Brief
Exclude images, then output the remaining data verbatim.

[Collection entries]
====================

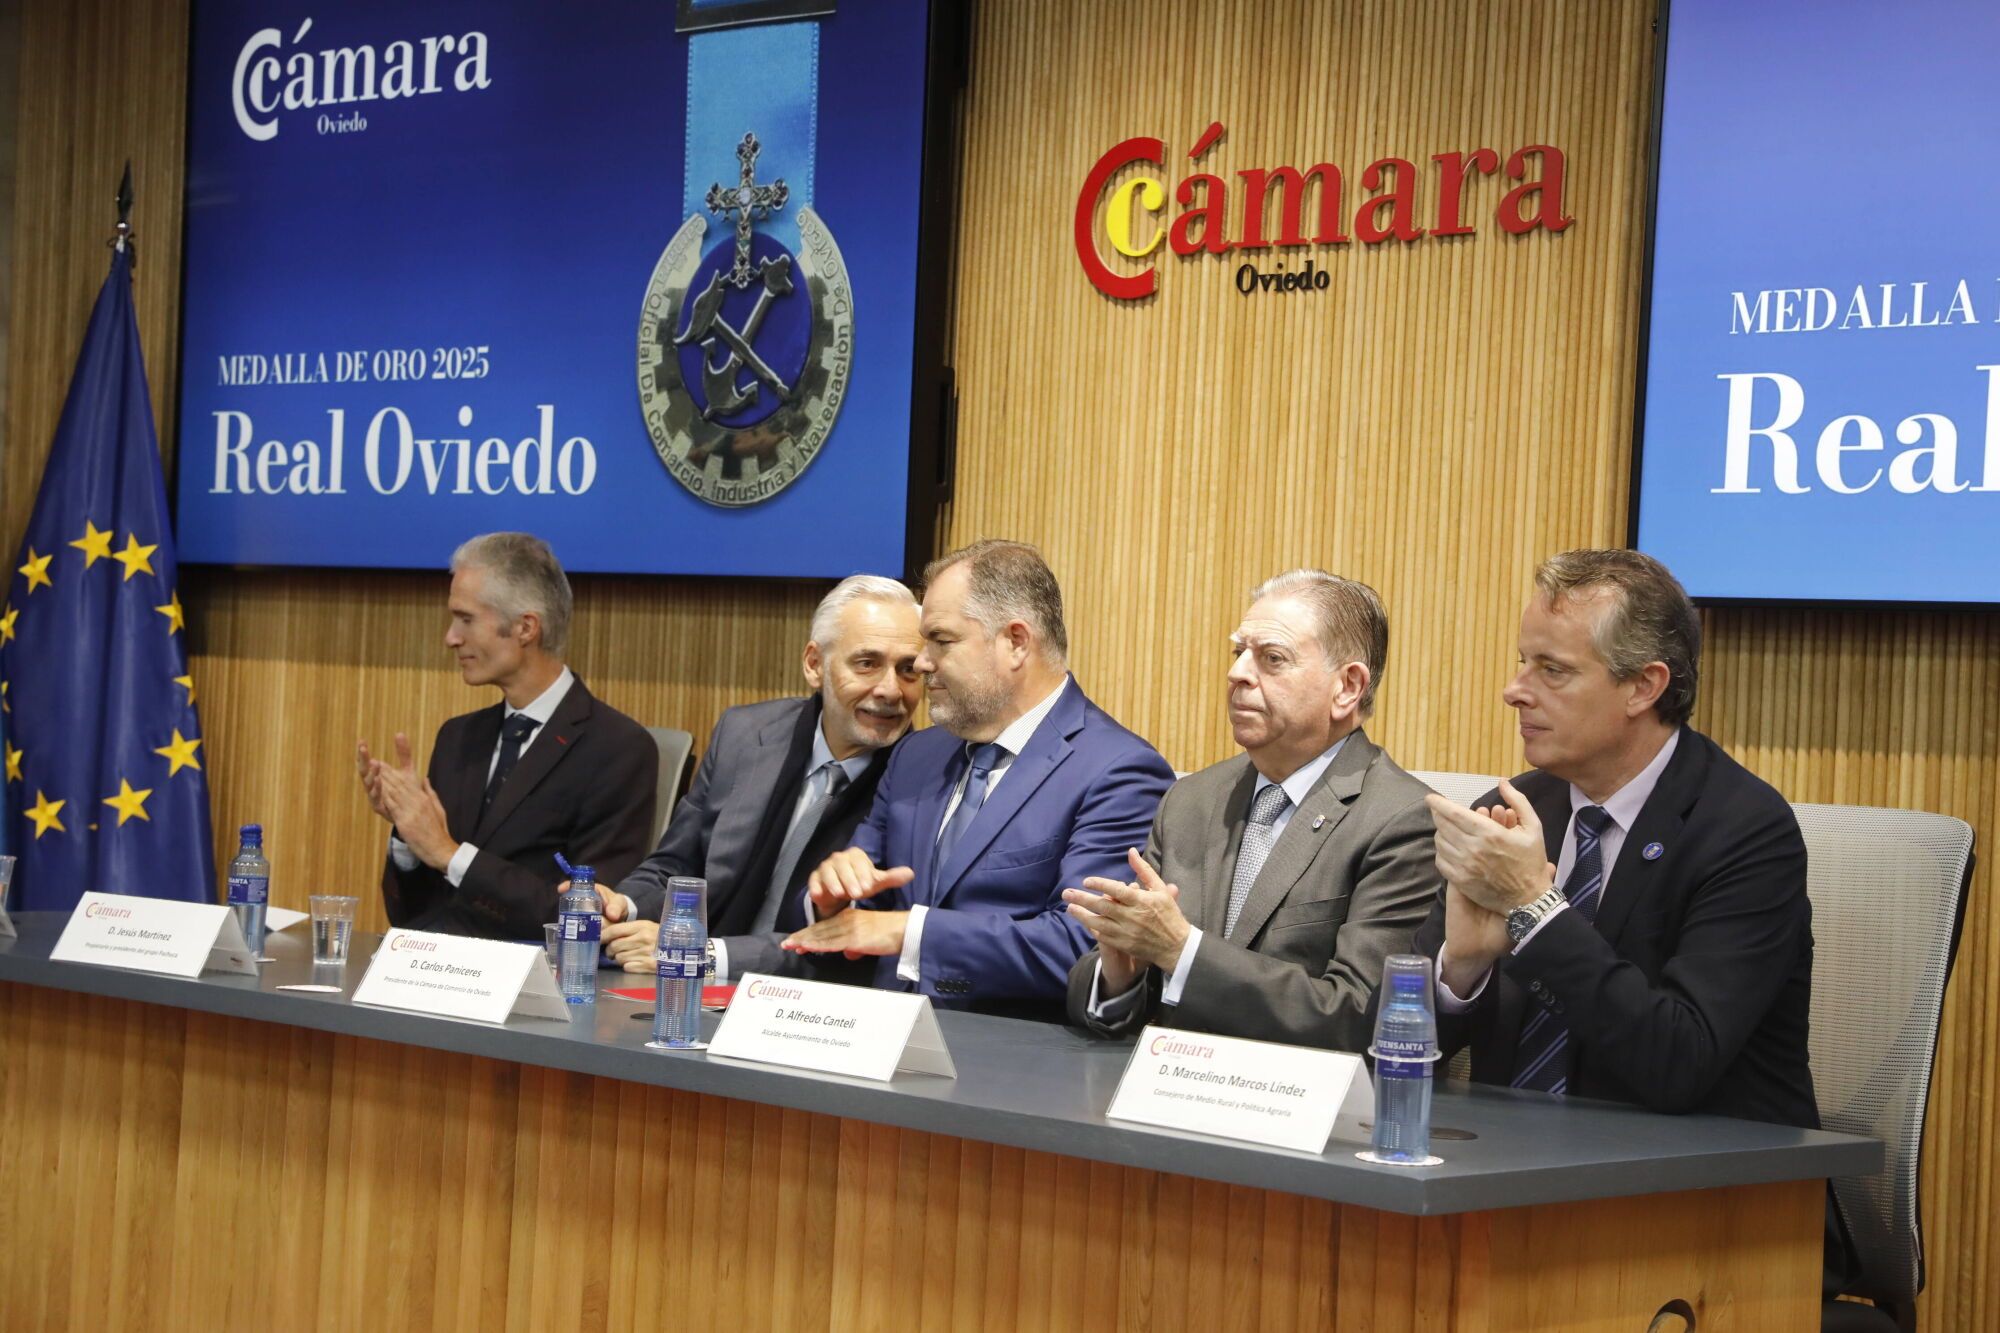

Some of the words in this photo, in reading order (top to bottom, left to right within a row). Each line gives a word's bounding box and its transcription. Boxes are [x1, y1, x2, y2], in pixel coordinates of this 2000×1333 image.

[317, 111, 367, 135] Oviedo
[1236, 260, 1330, 294] Oviedo
[1729, 279, 1980, 335] MEDALLA
[218, 352, 330, 386] MEDALLA
[335, 351, 368, 382] DE
[373, 348, 426, 381] ORO
[432, 345, 490, 380] 2025
[1710, 364, 2000, 494] Real
[209, 408, 347, 495] Real
[364, 405, 597, 496] Oviedo
[108, 926, 116, 935] D.
[410, 959, 418, 969] D.
[420, 960, 444, 973] Carlos
[445, 964, 482, 978] Paniceres
[775, 1009, 785, 1020] D.
[787, 1011, 822, 1025] Alfredo
[823, 1016, 856, 1029] Canteli
[1159, 1064, 1169, 1076] D.
[1172, 1066, 1226, 1085] Marcelino
[1228, 1075, 1268, 1091] Marcos
[1153, 1088, 1185, 1099] Consejero
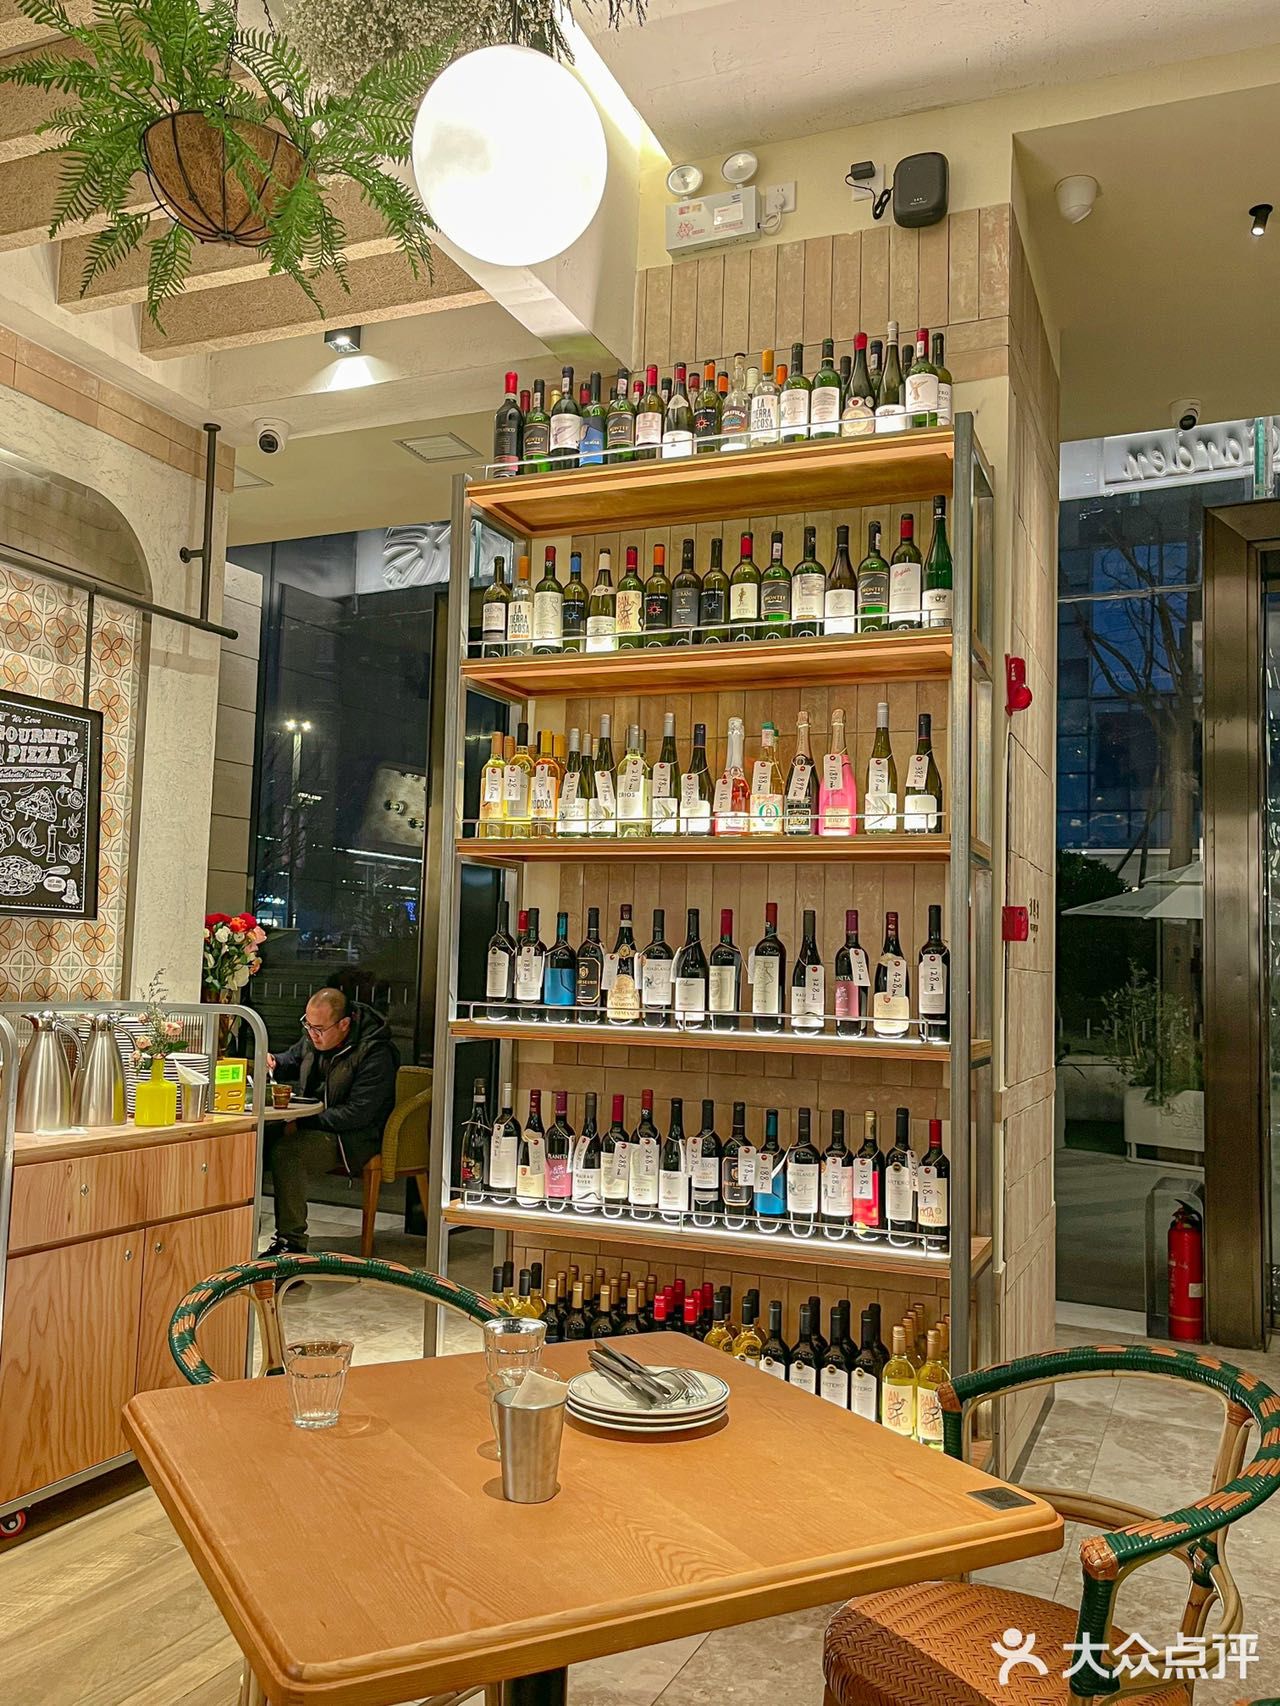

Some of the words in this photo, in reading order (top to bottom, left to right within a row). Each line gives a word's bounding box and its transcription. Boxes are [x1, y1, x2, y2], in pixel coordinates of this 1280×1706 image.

[757, 398, 765, 408] LA
[514, 604, 522, 613] LA
[11, 714, 22, 724] We
[23, 715, 41, 724] Serve
[6, 744, 60, 764] PIZZA
[508, 776, 518, 788] 128
[894, 973, 905, 988] 428
[930, 968, 941, 982] 128
[760, 1167, 768, 1180] 188
[860, 1170, 869, 1184] 138
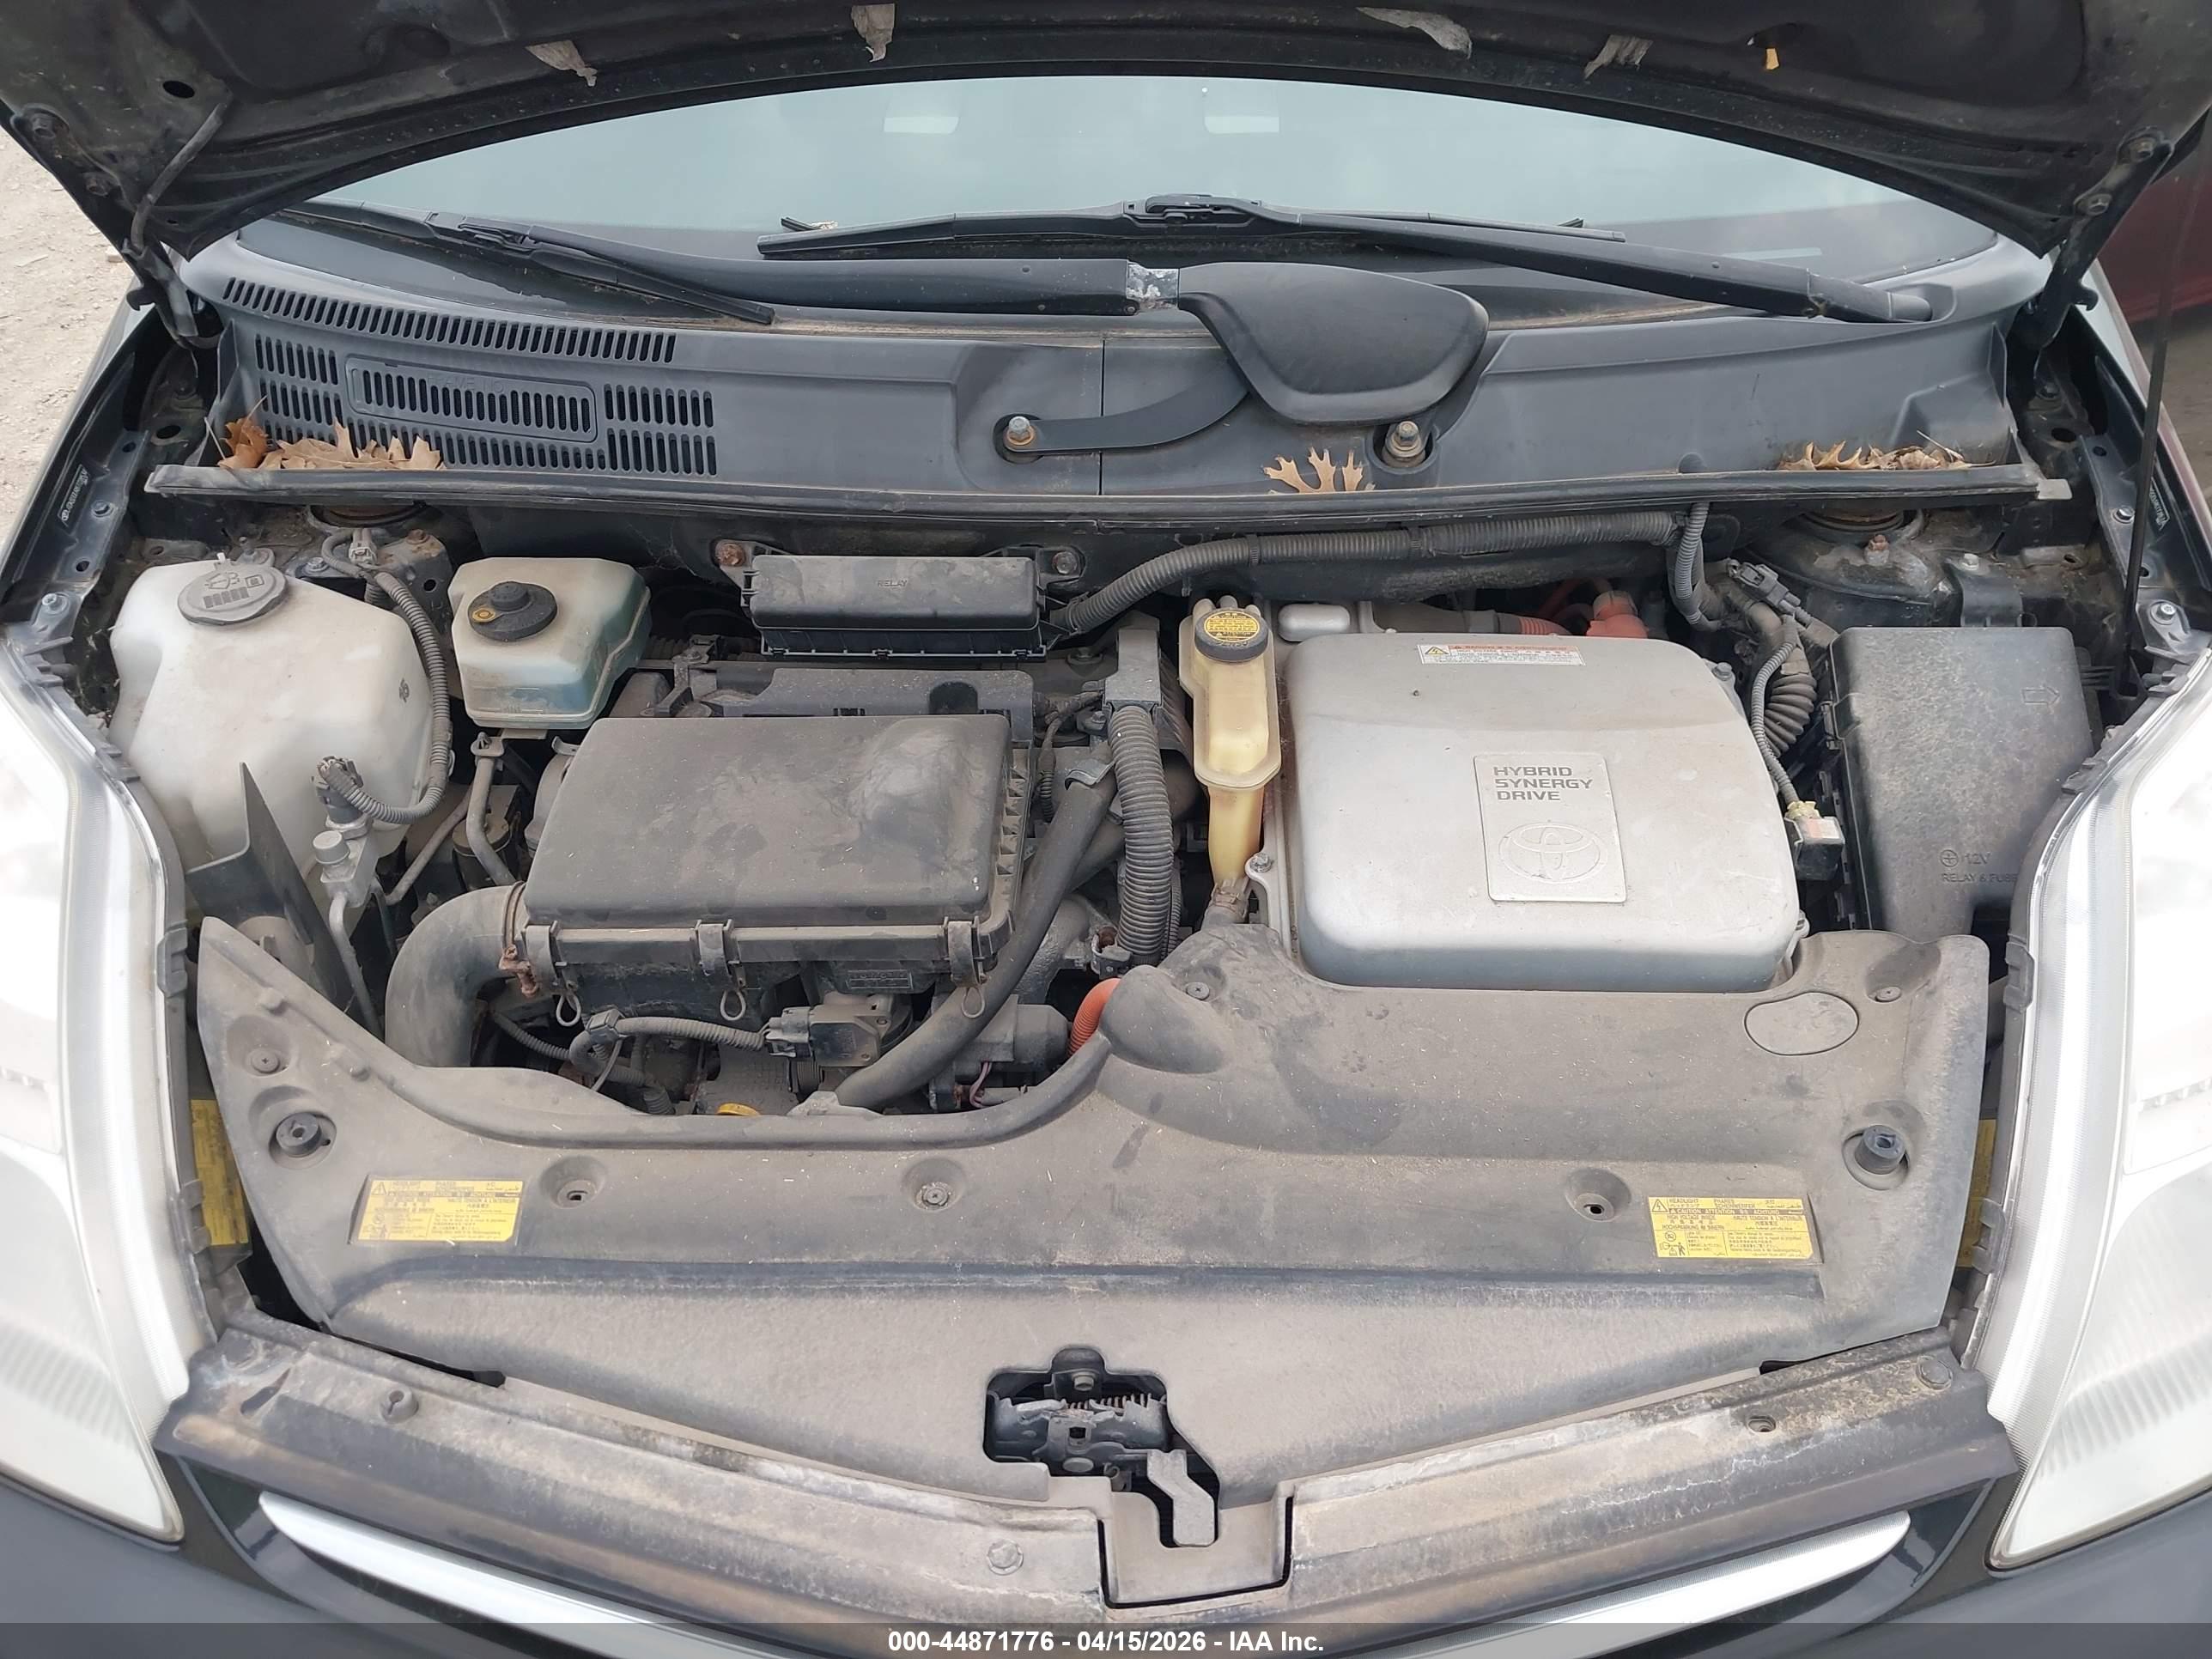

====================

Your solution
Some of the words in this photo, in reading order (top to bottom, left to right within a row). Each line gives a word's bounding box and its transcription. Boxes are [x1, y1, x2, y2], in pixel coordinates of this 2000×1333 image.

[317, 111, 367, 135] Oviedo
[1236, 260, 1330, 294] Oviedo
[1729, 279, 1980, 335] MEDALLA
[218, 352, 330, 386] MEDALLA
[335, 351, 368, 382] DE
[373, 348, 426, 381] ORO
[432, 345, 490, 380] 2025
[1710, 364, 2000, 494] Real
[209, 408, 347, 495] Real
[364, 405, 597, 496] Oviedo
[108, 926, 116, 935] D.
[410, 959, 418, 969] D.
[420, 960, 444, 973] Carlos
[445, 964, 482, 978] Paniceres
[775, 1009, 785, 1020] D.
[787, 1011, 822, 1025] Alfredo
[823, 1016, 856, 1029] Canteli
[1159, 1064, 1169, 1076] D.
[1172, 1066, 1226, 1085] Marcelino
[1228, 1075, 1268, 1091] Marcos
[1153, 1088, 1185, 1099] Consejero

Some of the words in this photo, in reading order (top to bottom, left to right within a row). Each line gives a word's bounding box and its transcription. Boxes are [x1, y1, x2, y2], in pixel coordinates of this 1280×1706 image.

[757, 398, 765, 408] LA
[514, 604, 522, 613] LA
[11, 714, 22, 724] We
[23, 715, 41, 724] Serve
[6, 744, 60, 764] PIZZA
[508, 776, 518, 788] 128
[894, 973, 905, 988] 428
[930, 968, 941, 982] 128
[760, 1167, 768, 1180] 188
[860, 1170, 869, 1184] 138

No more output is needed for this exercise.